Try it: Exclude the pictures, and otherwise reproduce the data in full.
*** Given entries Section Begins ***
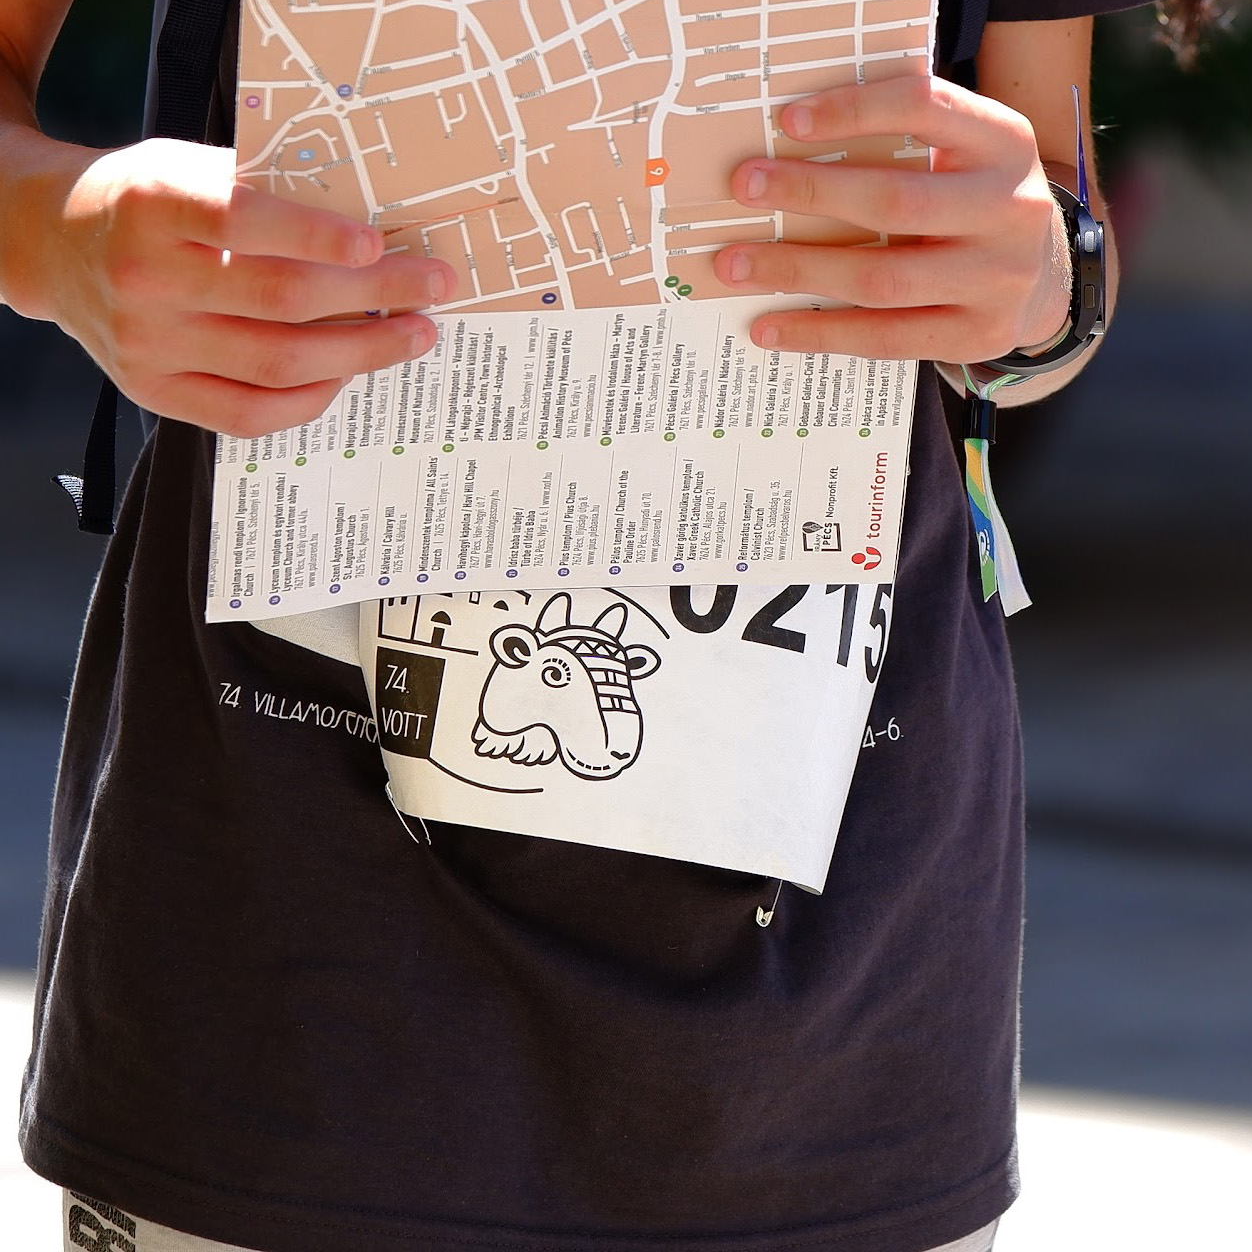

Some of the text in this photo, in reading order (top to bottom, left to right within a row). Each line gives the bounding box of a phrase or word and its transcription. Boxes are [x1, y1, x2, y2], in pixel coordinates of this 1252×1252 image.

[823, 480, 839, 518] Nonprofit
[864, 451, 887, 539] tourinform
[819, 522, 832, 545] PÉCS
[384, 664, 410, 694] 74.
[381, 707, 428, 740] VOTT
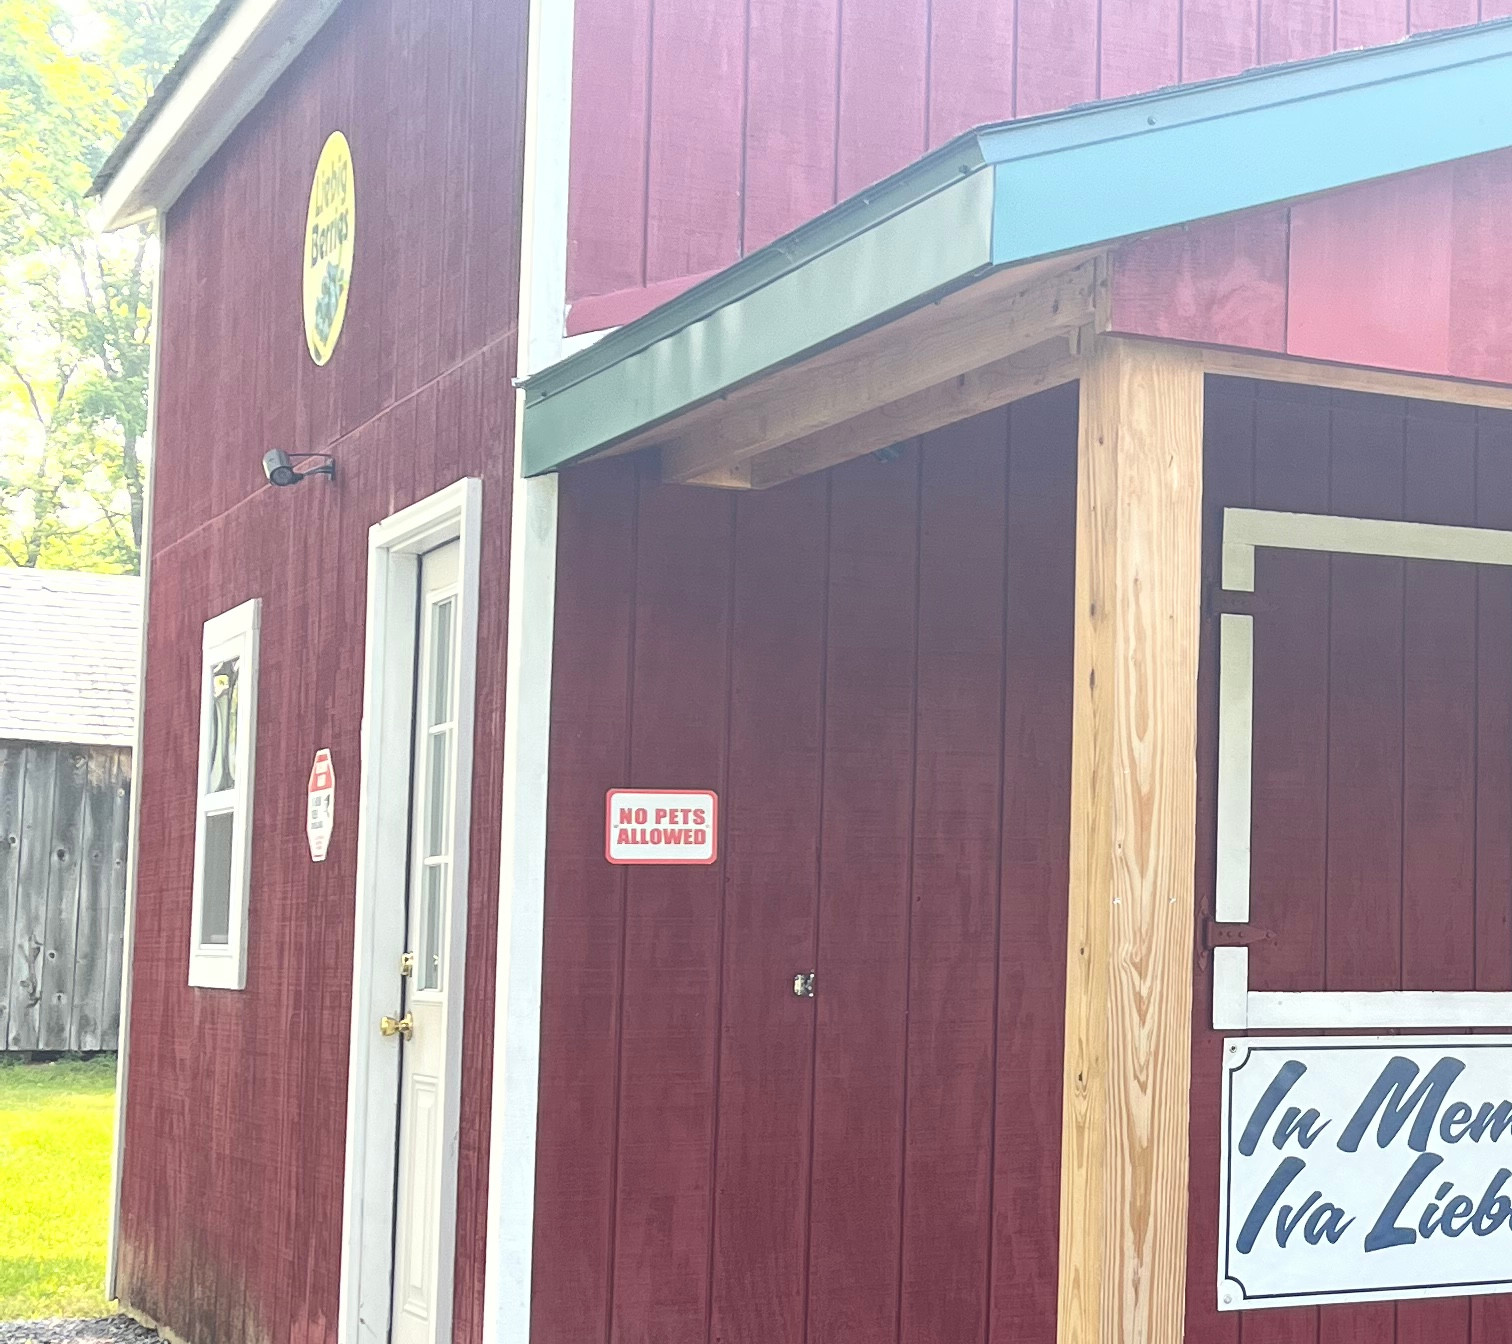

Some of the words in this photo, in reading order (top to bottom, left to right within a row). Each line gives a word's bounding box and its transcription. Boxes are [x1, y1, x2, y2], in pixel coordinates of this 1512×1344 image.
*** Given entries Section Ends ***
Solution to this problem:
Some of the text in this photo, in reading order (top to bottom, left to right within a row). Each line gives the bounding box of a phrase or word and its transcription. Boxes are [x1, y1, x2, y2], in pixel coordinates of this 1252×1252 image.

[823, 480, 839, 518] Nonprofit
[864, 451, 887, 539] tourinform
[819, 522, 832, 545] PÉCS
[384, 664, 410, 694] 74.
[381, 707, 428, 740] VOTT

Some of the words in this photo, in reading order (top to bottom, left to right within a row). Each line gives a word's bounding box and its transcription. Boxes are [x1, y1, x2, y2], in pixel coordinates of this 1512×1344 image.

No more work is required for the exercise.